■ **Task to complete**: Exact copies of all the entries are required.

--- Data to examine Enclosed Below ---

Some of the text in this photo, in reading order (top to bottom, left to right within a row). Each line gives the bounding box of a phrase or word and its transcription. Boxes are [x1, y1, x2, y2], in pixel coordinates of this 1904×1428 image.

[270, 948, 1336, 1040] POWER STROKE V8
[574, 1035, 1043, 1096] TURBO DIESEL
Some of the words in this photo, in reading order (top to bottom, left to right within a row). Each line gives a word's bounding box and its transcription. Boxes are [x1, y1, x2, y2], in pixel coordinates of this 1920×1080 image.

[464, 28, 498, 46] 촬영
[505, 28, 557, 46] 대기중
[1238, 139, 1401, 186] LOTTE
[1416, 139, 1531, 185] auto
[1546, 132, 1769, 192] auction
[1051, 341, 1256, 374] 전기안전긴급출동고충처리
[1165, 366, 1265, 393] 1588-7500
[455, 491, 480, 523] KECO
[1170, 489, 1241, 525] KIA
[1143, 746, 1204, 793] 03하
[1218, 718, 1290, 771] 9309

--- End of Enclosed Data to examine ---

■ **Answer to this task**:
Some of the text in this photo, in reading order (top to bottom, left to right within a row). Each line gives the bounding box of a phrase or word and its transcription. Boxes are [x1, y1, x2, y2], in pixel coordinates of this 1904×1428 image.

[270, 948, 1336, 1040] POWER STROKE V8
[574, 1035, 1043, 1096] TURBO DIESEL
Some of the words in this photo, in reading order (top to bottom, left to right within a row). Each line gives a word's bounding box and its transcription. Boxes are [x1, y1, x2, y2], in pixel coordinates of this 1920×1080 image.

[464, 28, 498, 46] 촬영
[505, 28, 557, 46] 대기중
[1238, 139, 1401, 186] LOTTE
[1416, 139, 1531, 185] auto
[1546, 132, 1769, 192] auction
[1051, 341, 1256, 374] 전기안전긴급출동고충처리
[1165, 366, 1265, 393] 1588-7500
[455, 491, 480, 523] KECO
[1170, 489, 1241, 525] KIA
[1143, 746, 1204, 793] 03하
[1218, 718, 1290, 771] 9309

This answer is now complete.